Bien entendu, les médias ont fait leurs choux gras de la casse perpétrée durant ces émeutes, parlant de policiers blessés et de coûts astronomiques des dégâts, bien que les dépenses les plus importantes auront étés celles générées par les heures supplémentaires payées aux policiers… masquant ainsi la raison première de ces soulèvements de population : une grave bavure policière, soldée par la mort d’un jeune de 18 ans. Suivant cette belle couverture médiatique, il fut aisé par la suite d’éveiller la peur de la population, mal informée, à l’annonce de la manifestation familiale du 11 octobre. Selon les journalistes de toutes parts, l’on pouvait s’attendre au pire, d’autant plus que les membres du Collectif Opposé à la Brutalité Policière (COBP), qualifiés d’« agitateurs », faisaient partie du comité organisateur. Un communiqué du collectif a été publié en réaction à ces tentatives de salissage et la Coalition contre la répression et les abus policiers (CRAP) a organisé une conférence de presse pour rectifier les faits.

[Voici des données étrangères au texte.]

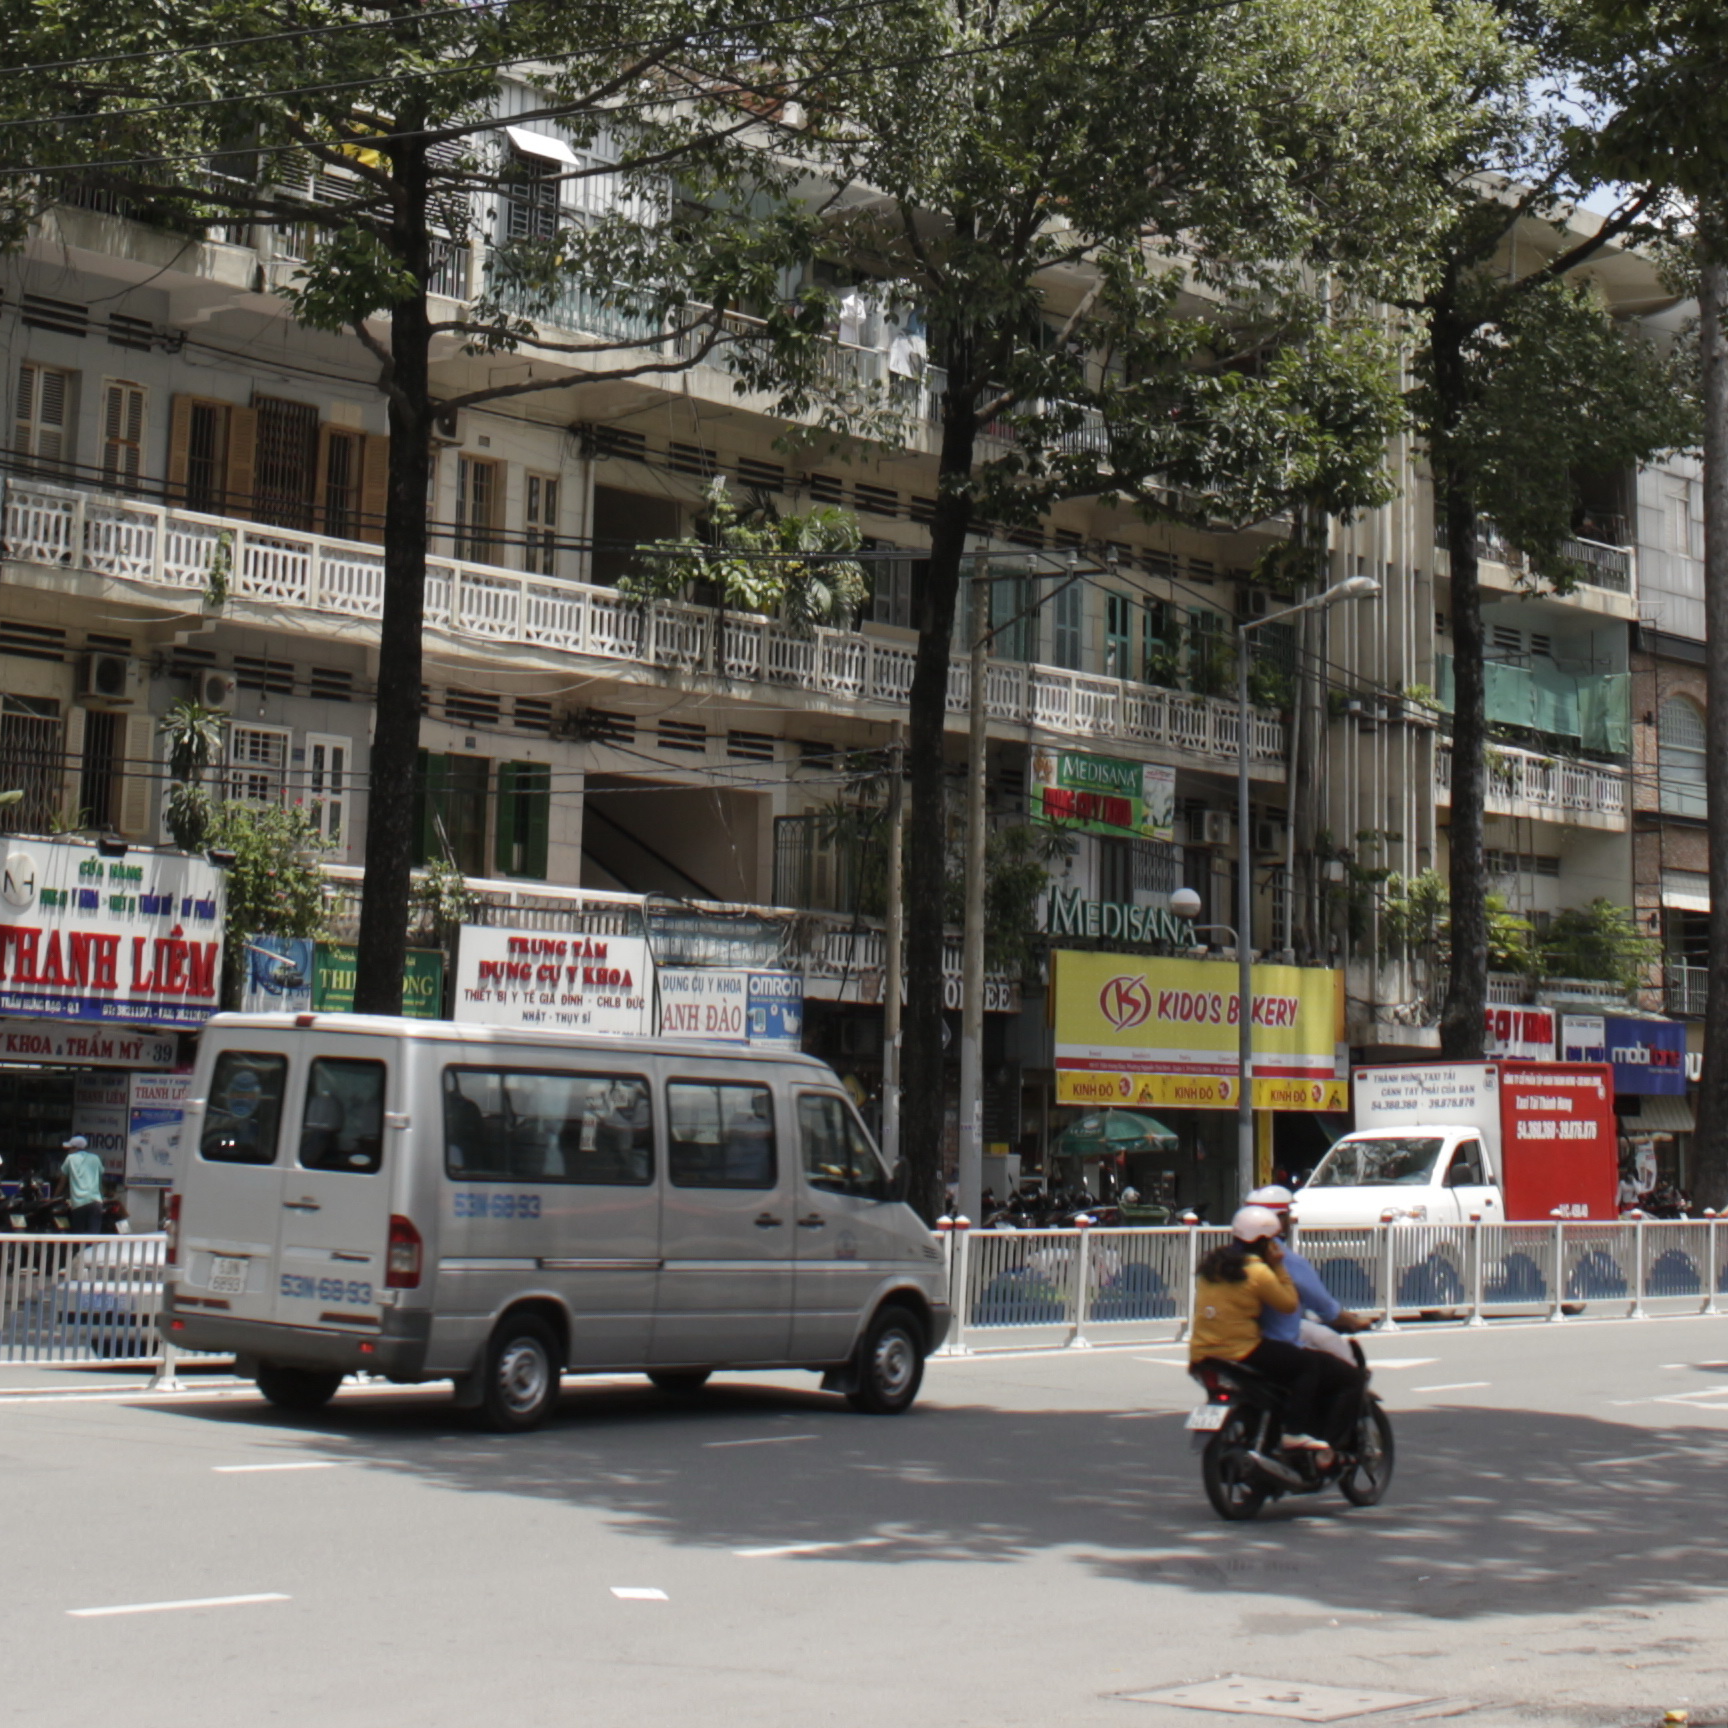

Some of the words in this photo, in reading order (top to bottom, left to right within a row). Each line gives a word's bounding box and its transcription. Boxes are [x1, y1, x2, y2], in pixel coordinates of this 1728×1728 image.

De leur côté, les agents du SPVM ont aussi fait des leurs pour tenter de décourager les organisateurs de la manif. À titre d’exemple, un membre du COBP a été menotté, fouillé et affublé d’une contravention de 160$ de façon totalement arbitraire pour avoir soi-disant craché par terre et un autre a reçu chez lui le même soir la visite de huit agents de police pour une présumée plainte de bruit. N’ayant pas de réels bruits desquels se plaindre, les agents en ont tout de même profité pour poser quelques questions sur la manif du 11 octobre avant de quitter.
Le jour de la manifestation, les « responsables de l’ordre » se sont montrés plus que présents malgré leurs promesses publiques d’être discrets. Des agents en provenance de différents secteurs de l’île étaient sur place pour former la longue barrière qui encadrait la marche du départ jusqu’à l’arrivée. Il y avait également des flics à vélo, des flics en voiture, des « undercover » pas toujours très subtils et des groupes de l’escouade anti-émeute, disposés à différents endroits sur le parcours. Au moins un agent sur place prenait les manifestants en photo. Fait cocasse : une journaliste de LCN affirmait dans son reportage qu’aucune présence policière n’était visible de son hélicoptère!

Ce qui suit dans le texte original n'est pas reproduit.